Records provided Start Marker

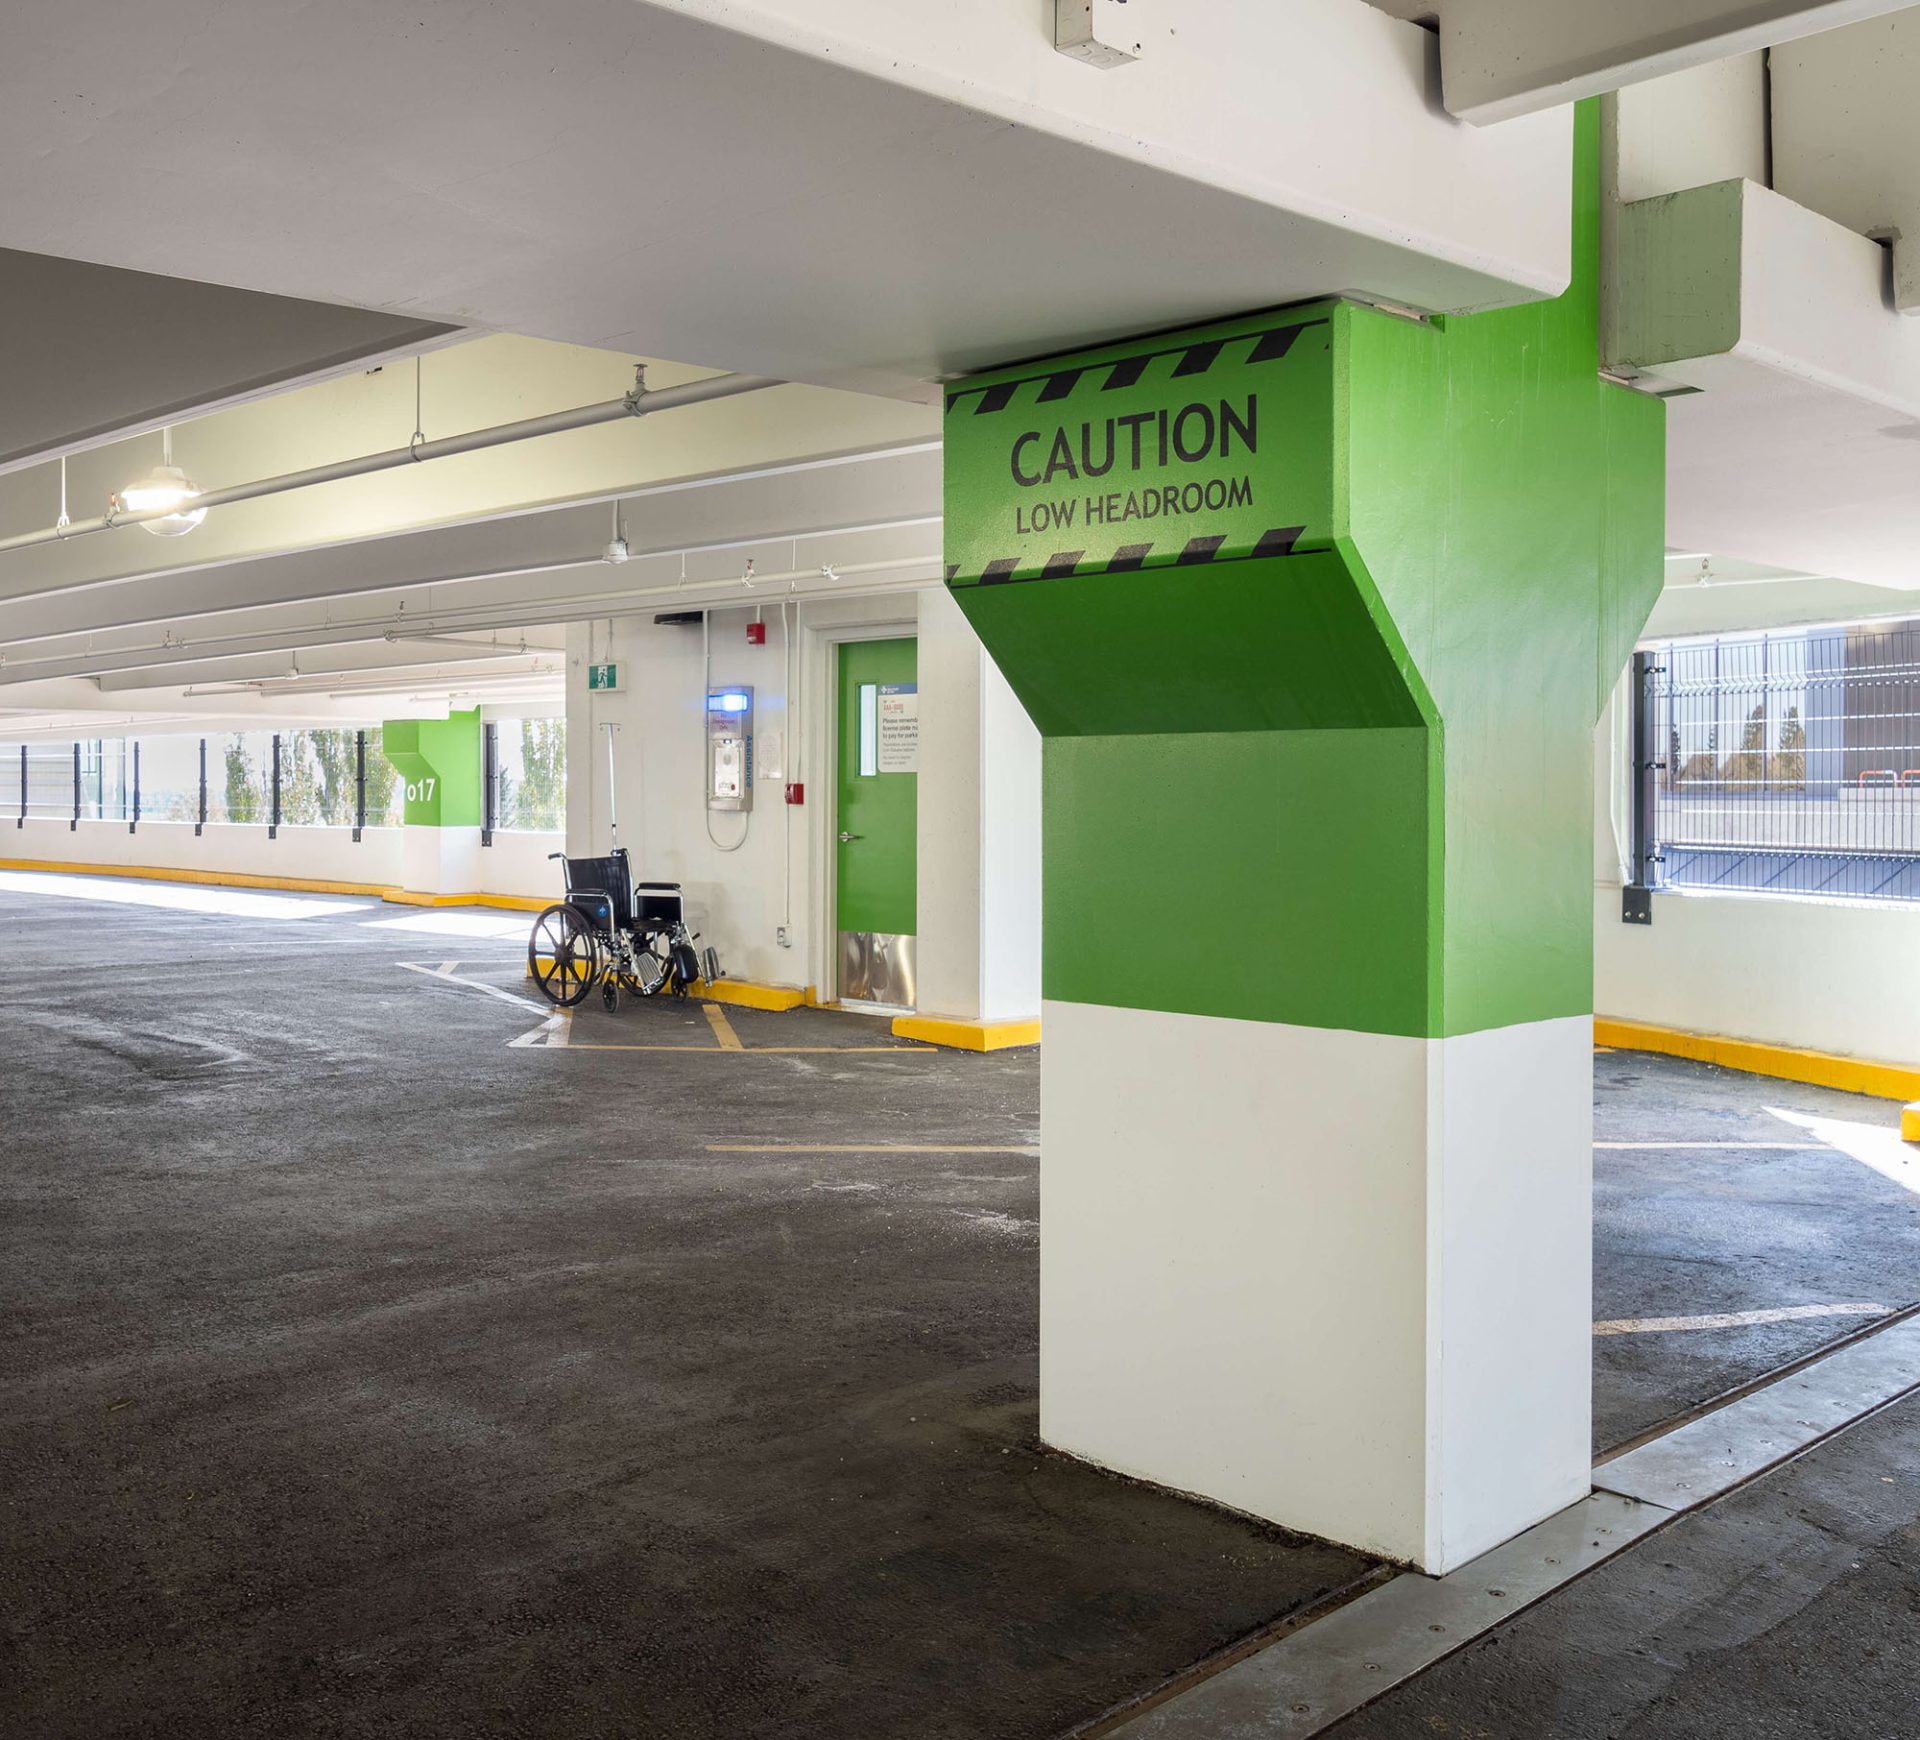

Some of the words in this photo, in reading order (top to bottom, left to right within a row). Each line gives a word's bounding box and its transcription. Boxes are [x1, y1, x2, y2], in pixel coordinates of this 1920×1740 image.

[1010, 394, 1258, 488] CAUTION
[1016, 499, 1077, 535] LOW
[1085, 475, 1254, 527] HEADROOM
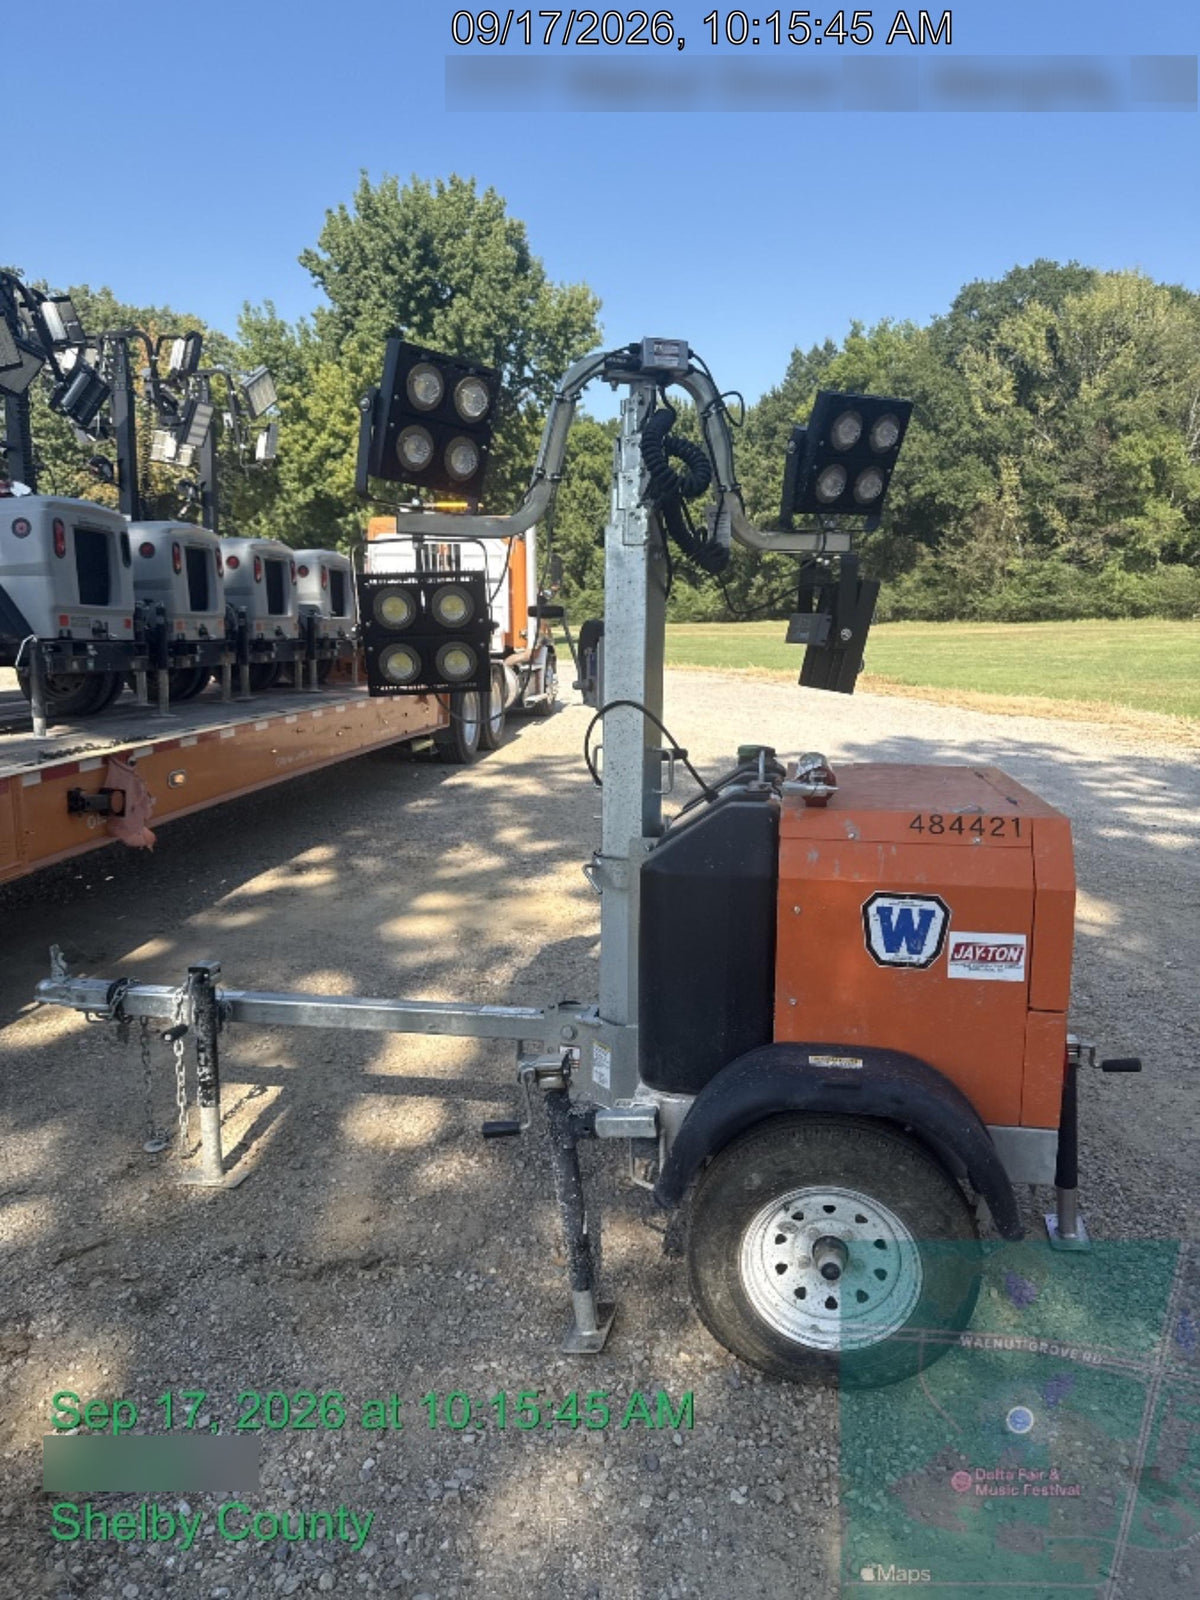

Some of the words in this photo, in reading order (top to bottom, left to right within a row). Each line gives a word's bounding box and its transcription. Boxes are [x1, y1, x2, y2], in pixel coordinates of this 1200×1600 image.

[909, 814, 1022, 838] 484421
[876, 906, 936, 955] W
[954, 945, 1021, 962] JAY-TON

Records provided End Marker

Your task >> Could you write all the entries out again exactly, but without their pictures?

Answer to the problem >>
Some of the words in this photo, in reading order (top to bottom, left to right within a row). Each line gives a word's bounding box and its transcription. Boxes are [x1, y1, x2, y2], in pixel coordinates of this 1920×1740 image.

[1010, 394, 1258, 488] CAUTION
[1016, 499, 1077, 535] LOW
[1085, 475, 1254, 527] HEADROOM

Some of the words in this photo, in reading order (top to bottom, left to right within a row). Each line gives a word's bounding box and its transcription. Boxes are [x1, y1, x2, y2], in pixel coordinates of this 1200×1600 image.

[909, 814, 1022, 838] 484421
[876, 906, 936, 955] W
[954, 945, 1021, 962] JAY-TON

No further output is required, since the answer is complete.